[Free-text object descriptions]
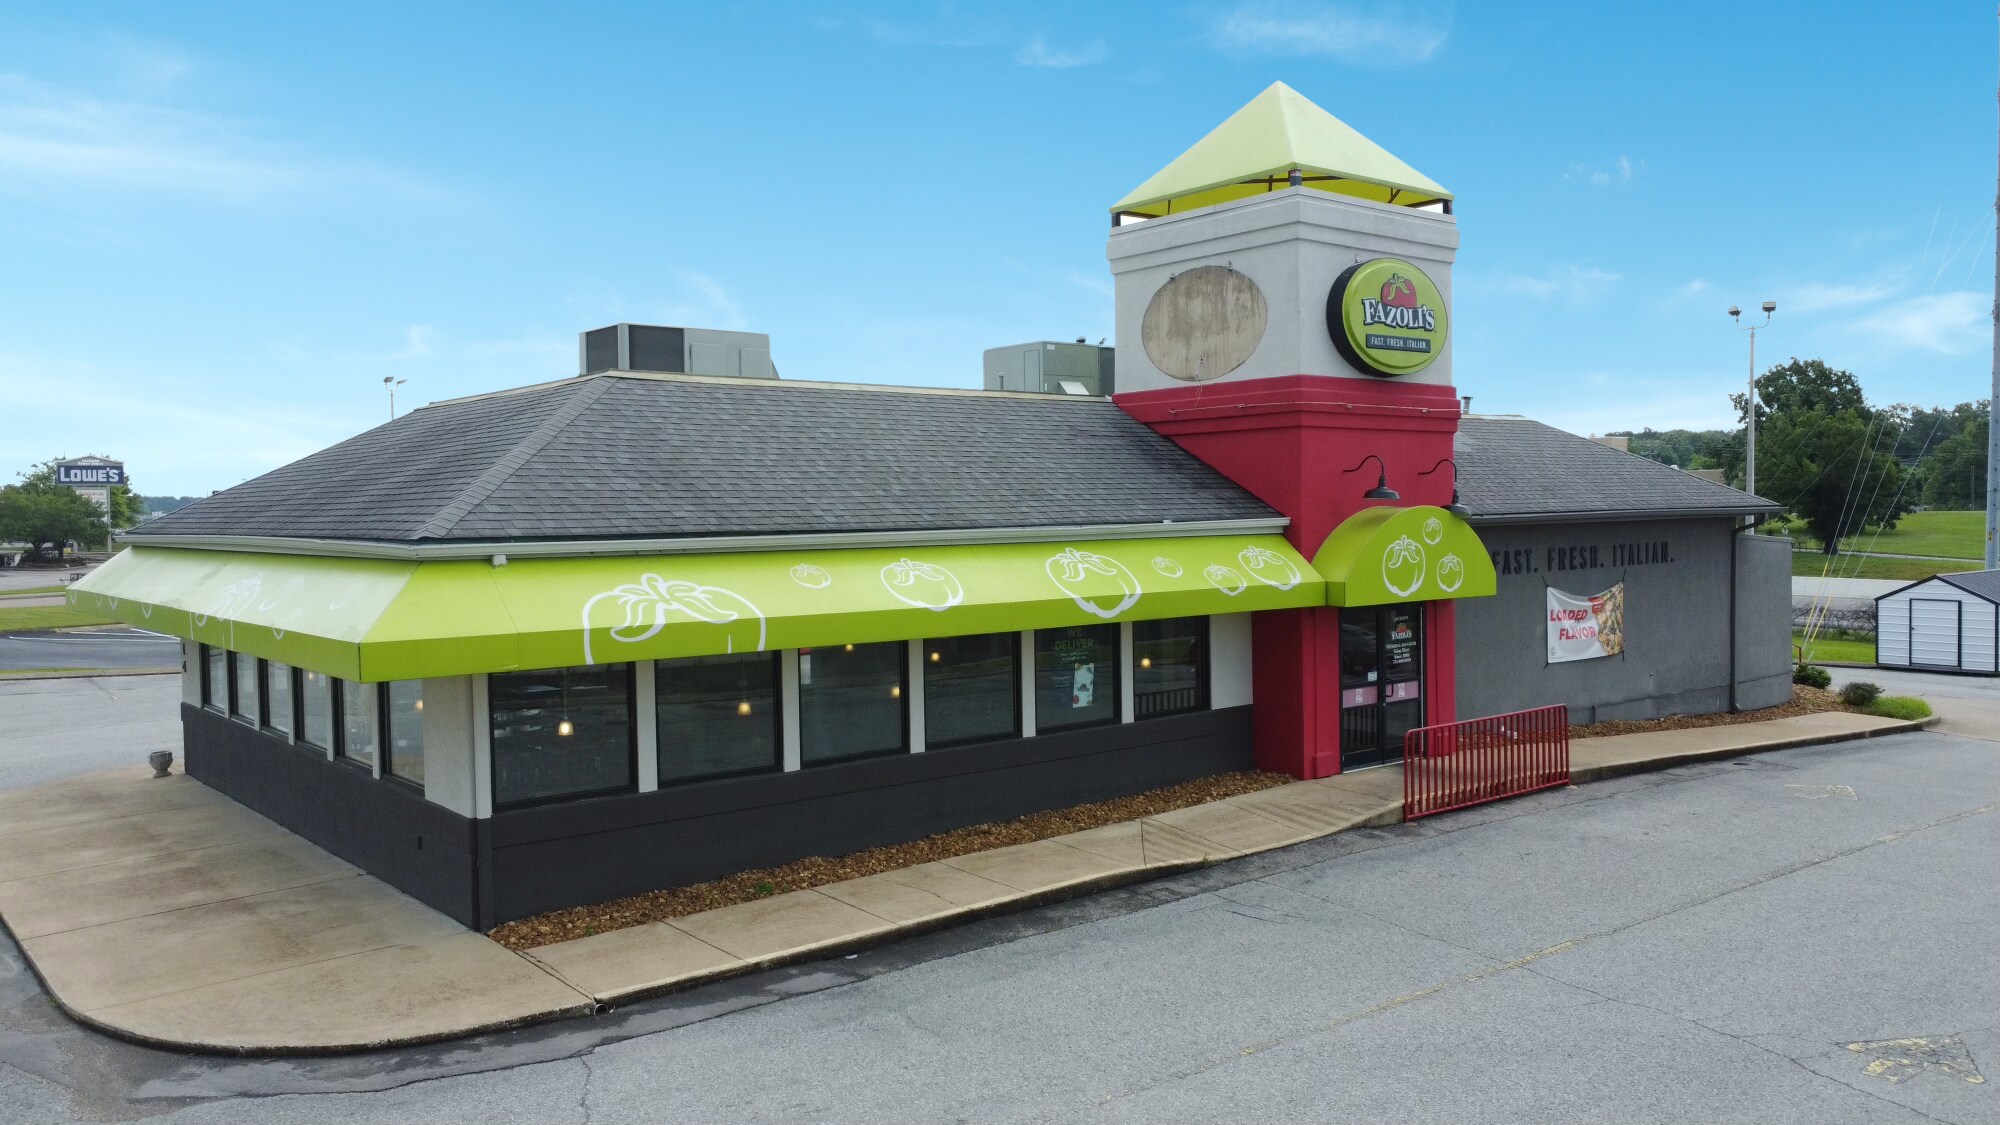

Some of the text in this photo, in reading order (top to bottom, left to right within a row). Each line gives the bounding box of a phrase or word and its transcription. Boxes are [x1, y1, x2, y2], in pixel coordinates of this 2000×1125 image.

[1362, 298, 1435, 331] FAZOLI'S
[1371, 337, 1428, 348] FAST. FRESH. ITALIAN.
[60, 467, 119, 482] LOWE'S
[1492, 541, 1675, 575] FAST. FRESH. ITALIAN.
[1550, 609, 1588, 622] LOADED
[1559, 626, 1596, 640] FLAVOR
[1055, 638, 1094, 650] DELIVER

TRY IT -> Every record above should be set down exactly, with the pictures left out.

YOUR SOLUTION ->
Some of the text in this photo, in reading order (top to bottom, left to right within a row). Each line gives the bounding box of a phrase or word and its transcription. Boxes are [x1, y1, x2, y2], in pixel coordinates of this 2000×1125 image.

[1362, 298, 1435, 331] FAZOLI'S
[1371, 337, 1428, 348] FAST. FRESH. ITALIAN.
[60, 467, 119, 482] LOWE'S
[1492, 541, 1675, 575] FAST. FRESH. ITALIAN.
[1550, 609, 1588, 622] LOADED
[1559, 626, 1596, 640] FLAVOR
[1055, 638, 1094, 650] DELIVER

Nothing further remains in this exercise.